━━ Entries supplied
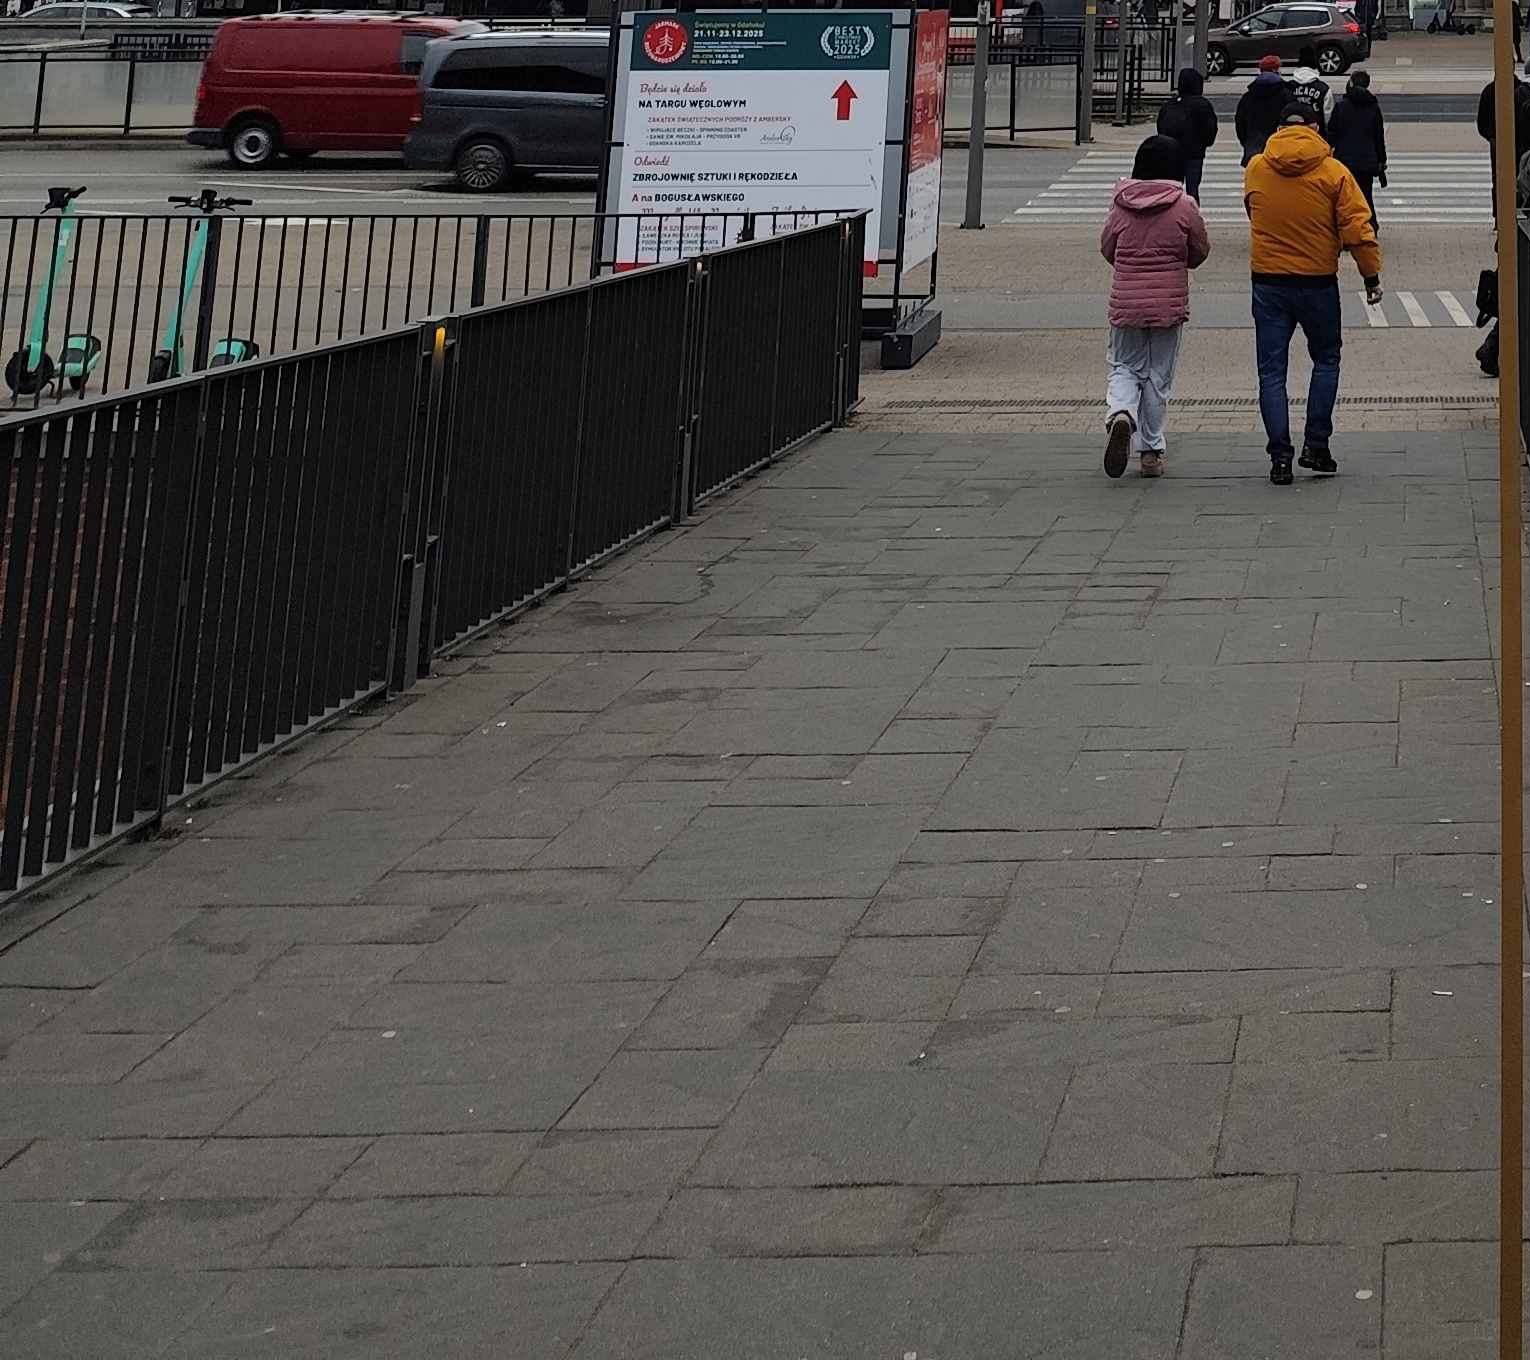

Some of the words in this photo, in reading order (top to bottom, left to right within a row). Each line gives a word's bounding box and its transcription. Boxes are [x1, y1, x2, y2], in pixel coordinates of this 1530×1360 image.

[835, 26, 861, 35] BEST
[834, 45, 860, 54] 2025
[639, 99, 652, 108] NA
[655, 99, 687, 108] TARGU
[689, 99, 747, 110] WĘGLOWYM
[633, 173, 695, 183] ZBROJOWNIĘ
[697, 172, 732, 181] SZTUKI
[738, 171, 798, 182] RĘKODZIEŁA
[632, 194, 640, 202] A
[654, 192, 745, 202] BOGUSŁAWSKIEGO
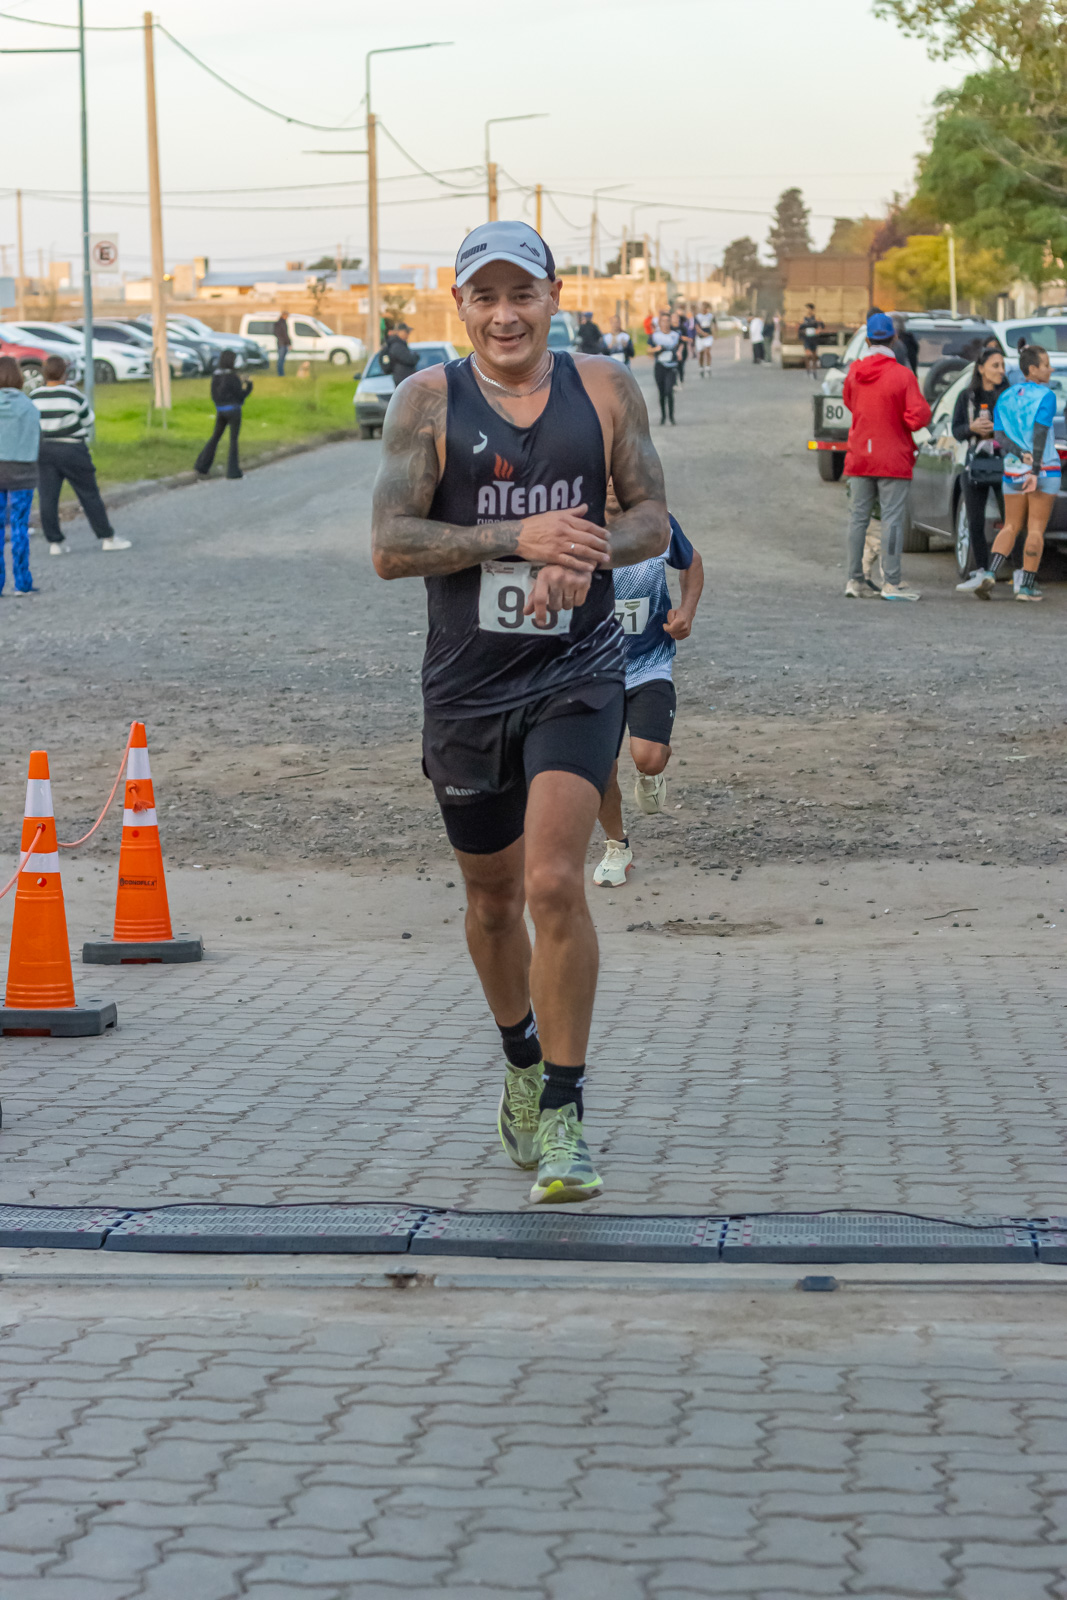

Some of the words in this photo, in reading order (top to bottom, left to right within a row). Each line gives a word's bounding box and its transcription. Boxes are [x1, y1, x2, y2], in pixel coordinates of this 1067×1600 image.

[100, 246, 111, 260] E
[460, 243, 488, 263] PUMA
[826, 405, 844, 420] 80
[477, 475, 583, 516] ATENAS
━━━━
All lines from the one containing "this 1067×1600 image." to the end of the data above are to be set down exactly; no others belong in the answer.

# Answer to this problem
Some of the words in this photo, in reading order (top to bottom, left to right within a row). Each line gives a word's bounding box and its transcription. Boxes are [x1, y1, x2, y2], in pixel coordinates of this 1067×1600 image.

[100, 246, 111, 260] E
[460, 243, 488, 263] PUMA
[826, 405, 844, 420] 80
[477, 475, 583, 516] ATENAS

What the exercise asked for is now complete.